Table 4: Juniper Networks Compatible Tail-Facility Service Endpoints
Juniper Networks Compatible Service Tail Facility Endpoints
Ports on the UFM3 (BT8A78UFM3) 100G Coherent CFP-M05 transceiver (CFP-100GBASE-CHRT)
Ports on the UFM6 (BT8A78UFM6-I02) 400G Coherent MSA XCVR
Ports on the CFP2-DCO transceiver (CFP2-DCO-T-WDM-1)
MX Series router
PTX Series router
QFX Series switch
Ports on the QFX10K DWDM 1.2 Tbps line card (QFX10K-12C-DWDM)
Single Path Service
A single path service is a service that has a single path set up between the two service endpoints. A fault on the path might cause the service to go down.
Figure 3 shows a protected service using a pair of two-degree ROADM nodes connected in a basic two-node ring. More complex ring and mesh configurations are possible as well.
A protected service is a service that has a pair of paths set up between the two service endpoints. One path is placed administratively in-service (IS) and the other path is placed administratively out-of-service (OOS). Under normal conditions, the IS path provides the optical connectivity. If a fault occurs in the current IS path, you can manually restore service by administratively disabling the current IS path and administratively enabling the current OOS path so that the current OOS path becomes the new IS path. This is called manual restoration by changing a. service’s administrative state.
It is up to the operator to ensure that one path is administratively in-service and the other path is administratively out-of-service. The proNX Optical Director does not enforce this but will raise an alarm if both paths are in-service.
A multi-degree colorless multiplexer/demultiplexer such as the TCX1000 2-Degree 8-Channel Colorless Mux/Demux (2D8CMD) is required at each end as the common endpoint for the protected service. The 2D8CMD has two line ports (L0 and L1) that connect to the two different degrees in the ROADM node, thereby supporting two paths between the endpoints.
A protected service is modeled as a pair of services where each service in the pair takes a different path across the network. The individual services in the pair are effectively single path services that share a common wavelength and common endpoints.
There are two ways to set up a protected service in the proNX Optical Director:
You can configure the IS path and let the proNX Optical Director determine and configure the OOS path. This is the easier method.

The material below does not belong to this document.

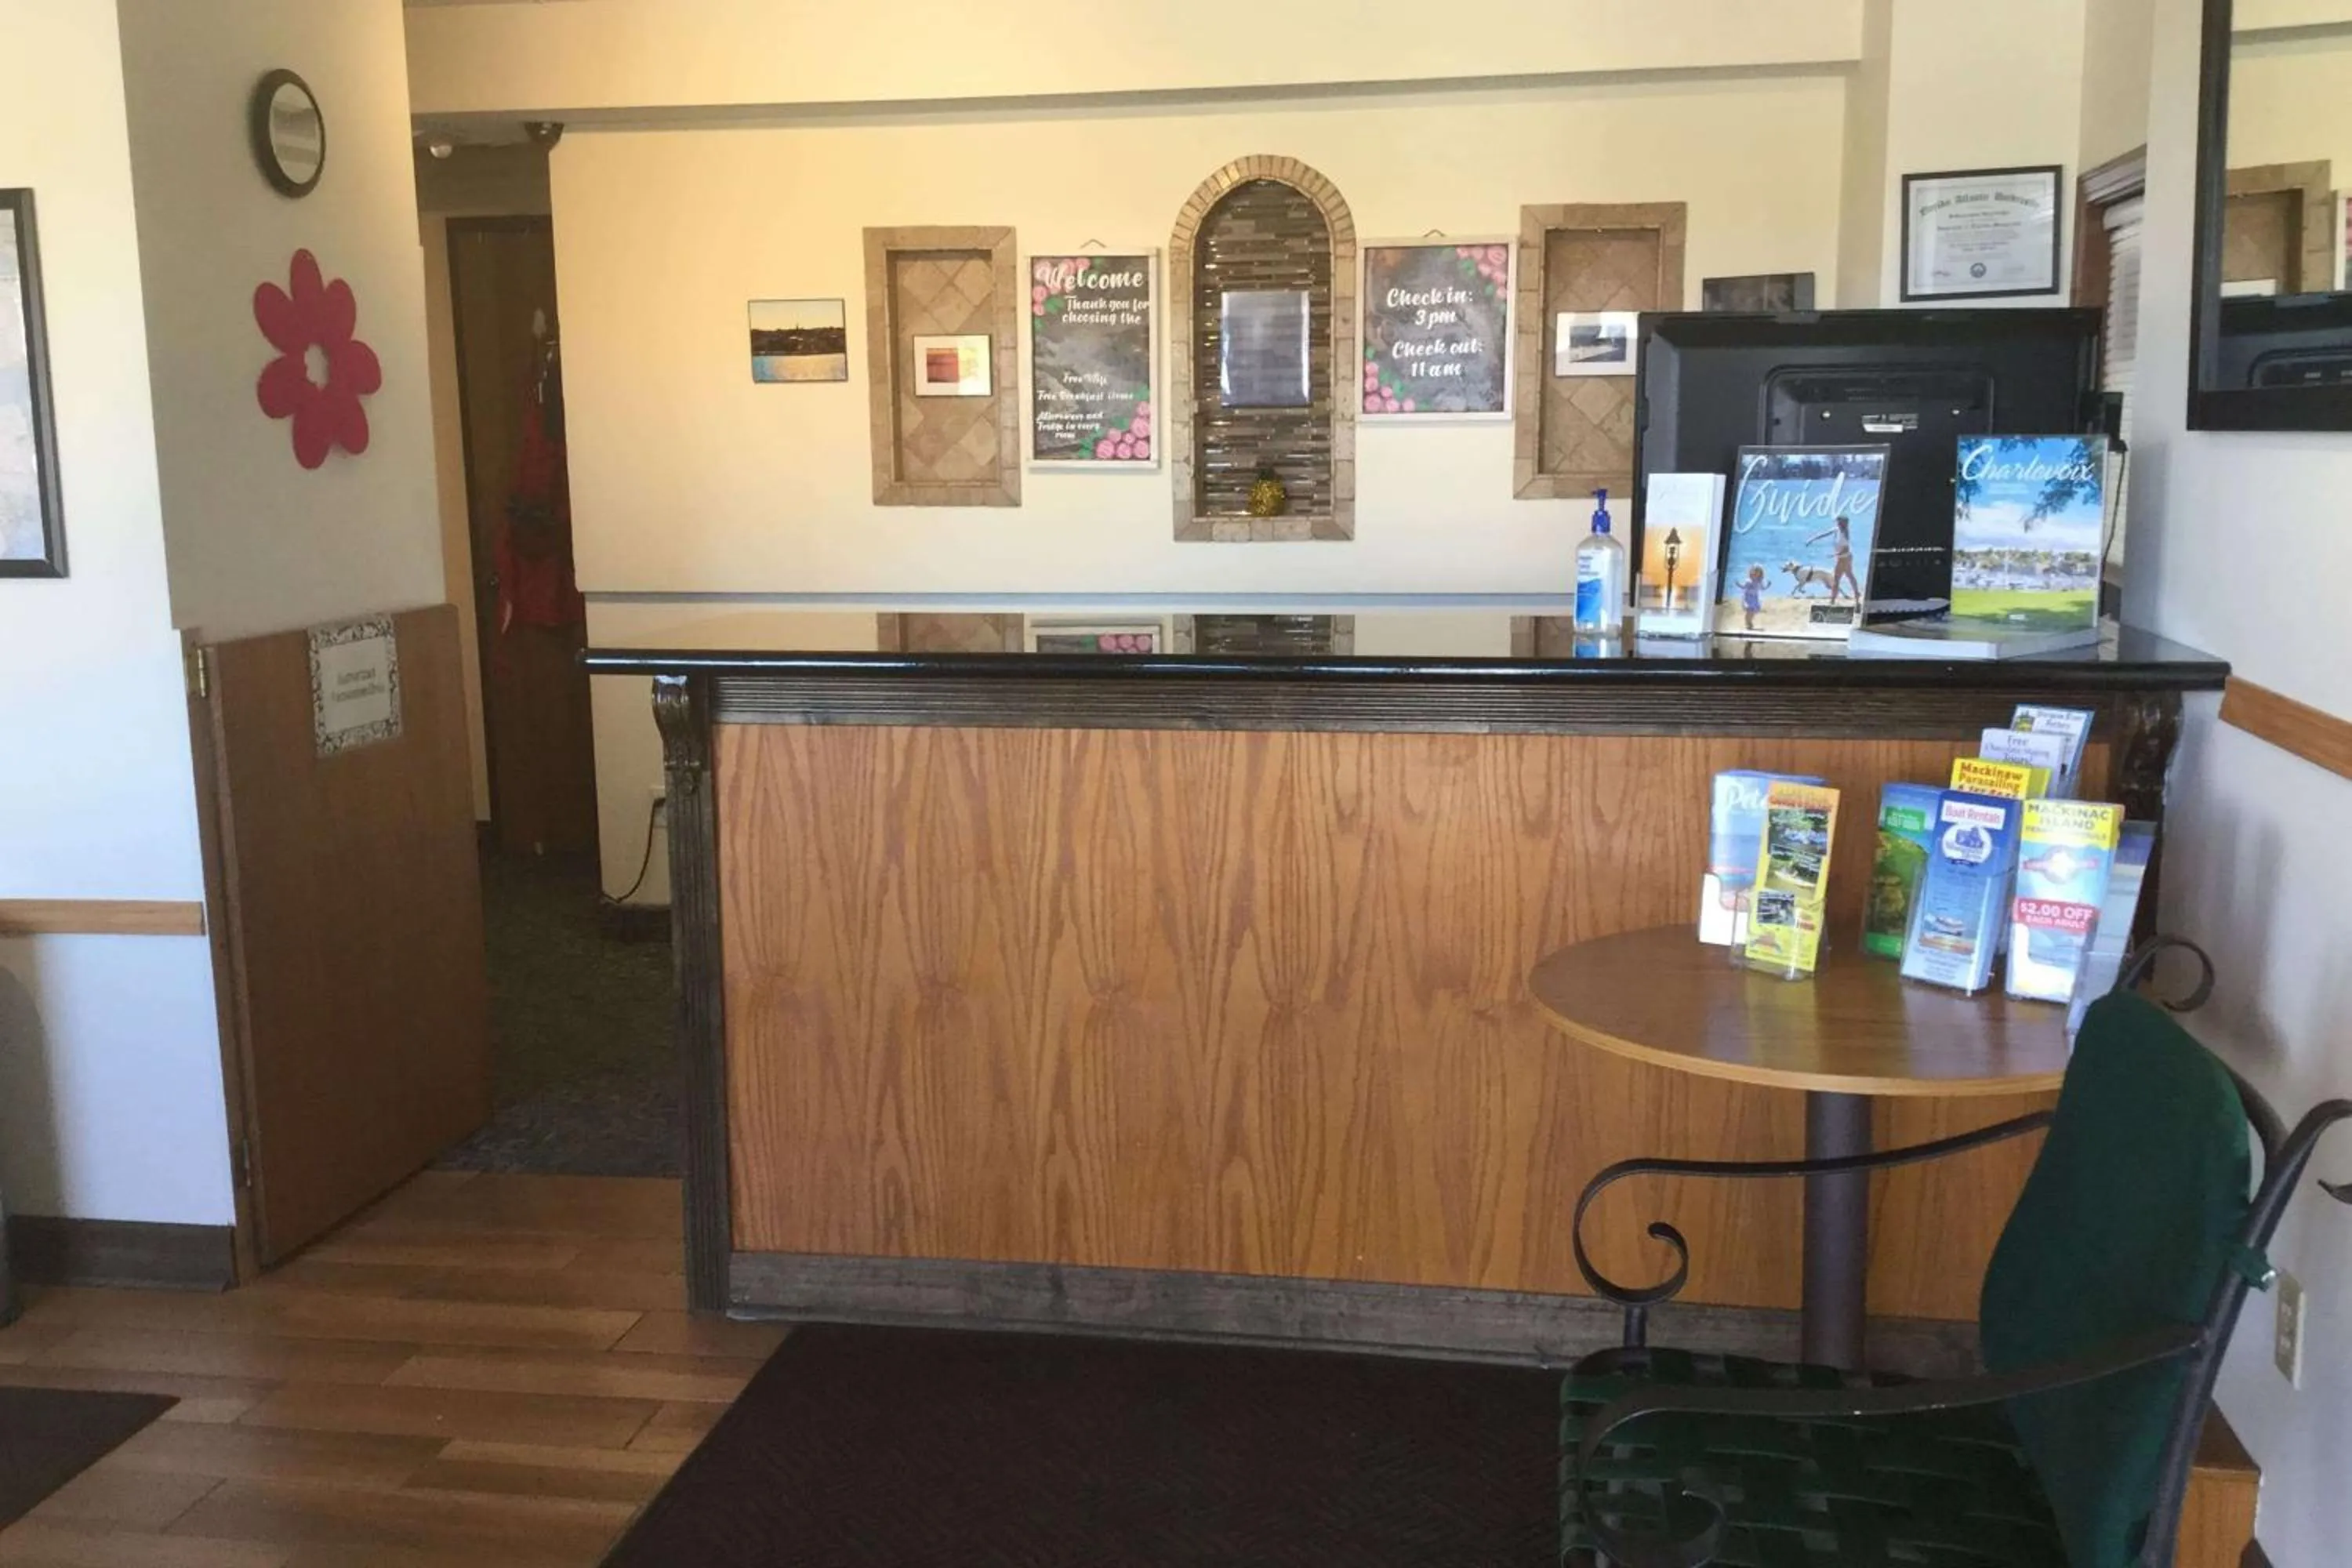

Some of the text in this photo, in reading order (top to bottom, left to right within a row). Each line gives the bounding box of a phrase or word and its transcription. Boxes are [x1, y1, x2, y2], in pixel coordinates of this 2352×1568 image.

You can configure a single path service for the IS path and separately configure a single path service for the OOS path. The proNX Optical Director is then able to determine that you have created a protected service because the single path services that you created share the same wavelength and the same endpoints.
An orphan service is a service without two add/drop endpoints. If you see an orphan service displayed, it is an indication that you have misconfigured the ROADM topology or otherwise altered the ROADM topology (such as unplugging and plugging fibers to different devices when LLDP is enabled) after the service is created.
The proNX Optical Director only allows you to create an optical service if a path exists between the two add/drop endpoints at the time that you create the service. If, after you create the service, you change the ROADM topology (such as by deleting links or undiscovering ROADM devices) such that the original path no longer exists between the two endpoints, the proNX Optical Director shows the service as two orphan services, one for each endpoint.
The reason for this is that, after the ROADM topology change, the proNX Optical Director cannot reconcile the intended service path with the new ROADM topology and therefore cannot display the full service path. It is only able to display the path from each endpoint to where the topology is broken. Note that this behavior can be different for a cut fiber. In the case of a cut fiber on a line span, the proNX Optical Director still knows where the intended path is as long as the associated external link is provisioned. In this case, the service is shown with a link that is down, and not as a pair of orphan services.
When you fix the ROADM topology, the proNX Optical Director will display the service correctly once again.
To prevent this from happening, ensure you do not change the ROADM topology after you create the service.